Bishop arrived in Manhattan almost two months before the start of camp for the '97 season and soon established himself as the best quarterback on campus. "I knew I could step in and make plays," he says. Bishop has started every game since. "The thing that has most often been overlooked about Michael is that he's only been in the program for a little more than a year," says Snyder. "We run a complex offense. It's amazing that he's learned as much as he has."

It is equally remarkable that Snyder has been so tolerant of Bishop's miscues. "He makes mistakes and we have . . . conversations," says Snyder.

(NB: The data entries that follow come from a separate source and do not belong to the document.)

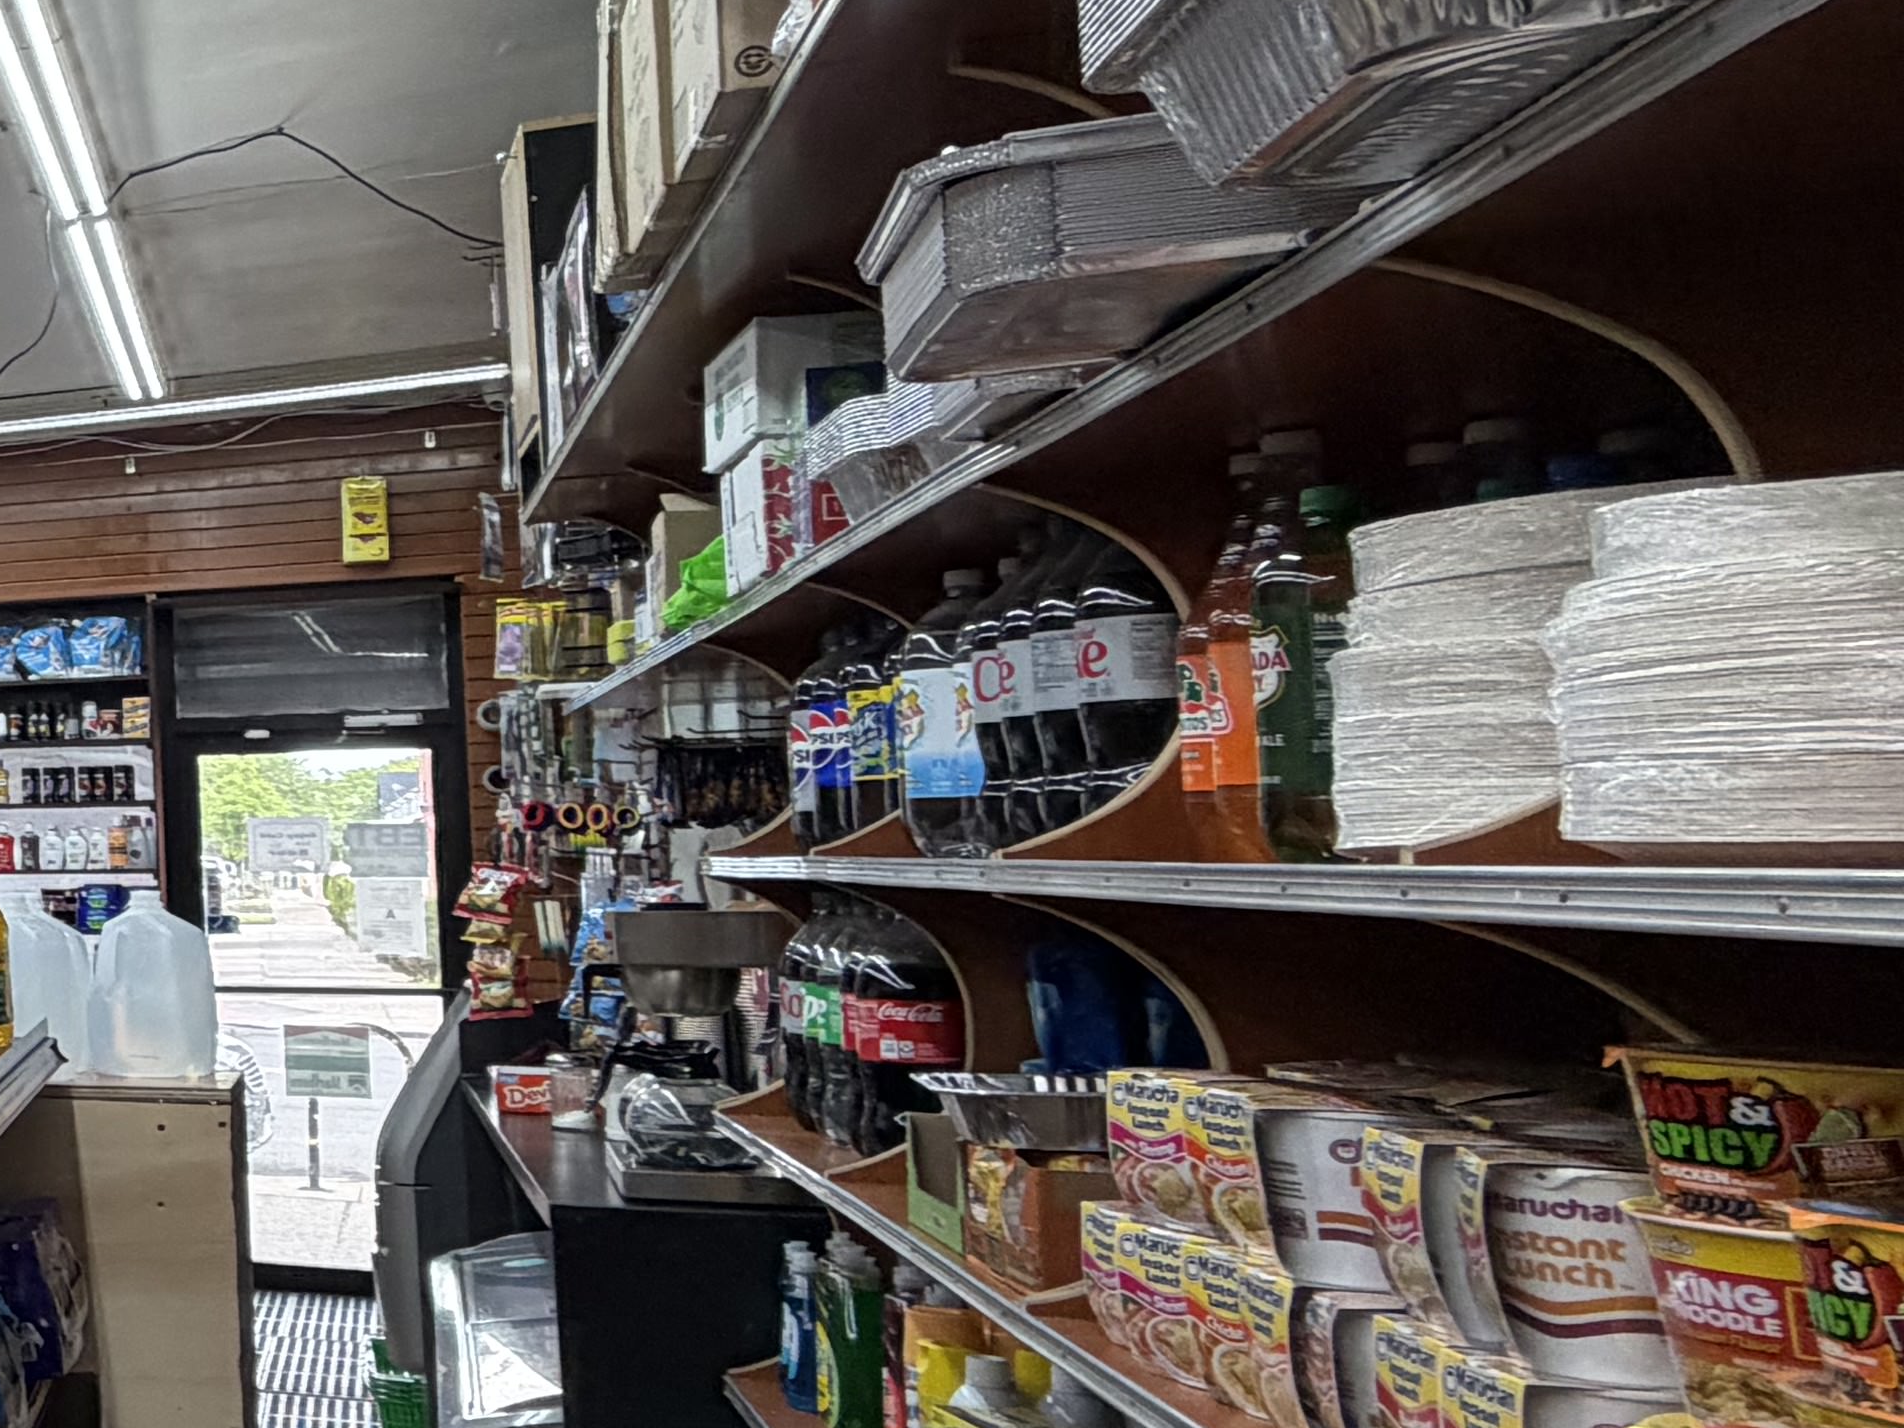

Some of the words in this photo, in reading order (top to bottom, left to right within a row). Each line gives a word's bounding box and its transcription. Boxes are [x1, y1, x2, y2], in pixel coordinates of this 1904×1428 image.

[1124, 1082, 1180, 1104] Marucha
[1196, 1095, 1243, 1119] Maruch
[1640, 1073, 1731, 1123] HOT
[1729, 1094, 1776, 1127] &
[1648, 1118, 1779, 1168] SPICY
[1494, 1193, 1626, 1224] arucha
[1135, 1233, 1181, 1260] Maruc
[1198, 1254, 1240, 1281] Maruc
[1668, 1270, 1780, 1316] KING
[1676, 1300, 1784, 1339] NOODLE

"He doesn't get down on me, he corrects me," says Bishop. Sometimes he does more than that. Twice in Bishop's career, Snyder has prohibited him from talking to the media. The first was during a four-week period last season after Bishop publicly accused his teammates of quitting in a 56-26 loss at Nebraska, his only defeat since high school. ("He believes they did quit," says his father.) The second came this year, after Bishop told reporters that junior college transfer running back Frank Murphy had predicted that he -- Murphy -- would go 80 yards for a touchdown on his first carry in an upcoming game against Colorado. Snyder felt Bishop was setting up Murphy for abuse by Buffaloes defenders and silenced him again. "Michael sometimes says controversial things," says Snyder. The second ban, with occasional exceptions, is ongoing. Bishop spoke only to SI after Saturday's game.

Despite these muzzlings, Snyder has an affection for Bishop, who has forced the coach to change his view of perfection, if not of interviews. "We live with Michael's mistakes because if we're not careful, we could temper a great talent," says Snyder. "Michael is a great all-around football player. That's what that trophy is supposed to be for, isn't it?"

The trophy in question would be the Heisman. Bishop was seldom mentioned as a strong candidate early in the season, and he still lacks the polish of Texas's Ricky Williams. Yet he makes plays, with his arm and his running ability, as few quarterbacks in the country do, and on Saturday he was the force that allowed a program to prove itself worthy of a No. 1 ranking. Kansas State, which came into the game ranked first in the country in scoring defense (7.7 points per game) and second in total defense (219.7 yards per game), gave up 351 yards to Nebraska. Offensive creativity was essential for K-State, and Bishop delivered. Two examples: In the second quarter, on second-and-11 from his own 19, Bishop went 50 yards on a scramble, thanks in part to a scalding midfield fake that left Huskers safety Mike Brown squeezing air. On the game-winning touchdown pass, with 5:25 to go, Bishop scooped a poor shotgun snap off the rug, sprinted hard to his right and threw a tight spiral across his body to McDonald, who was alone in the back of the end zone.

Through the dying minutes, as Nebraska's final two drives failed and as Kansas State linebacker Jeff Kelly scooped up a fumble and ran 23 yards for a crowning touchdown, Bishop ranted up and down the sideline, waving, exhorting the crowd and in general expunging the foul taste of last year's loss in Lincoln. "When I got elected a captain this year," Bishop said, "I wanted to make sure the whole team was on the same page for Nebraska. I knew it was going to be a different game this time."

Amid the growing delirium that followed Kelly's clinching score, as grown fans wept in celebration and students prepared to rush the field, the coach and the quarterback found each other on the sideline. Snyder first faced Bishop and placed one hand on each of his quarterback's shoulders as the two had an animated conversation, but one without humor. "I'm proud of the way you played today," Snyder told Bishop. "But we're going to go and look at the tape of that first half, and we're going to keep making you a better player."

Bishop nodded swiftly. Slowly the game faces dissolved into smiles and the coach's bloodless grab became an emotional hug.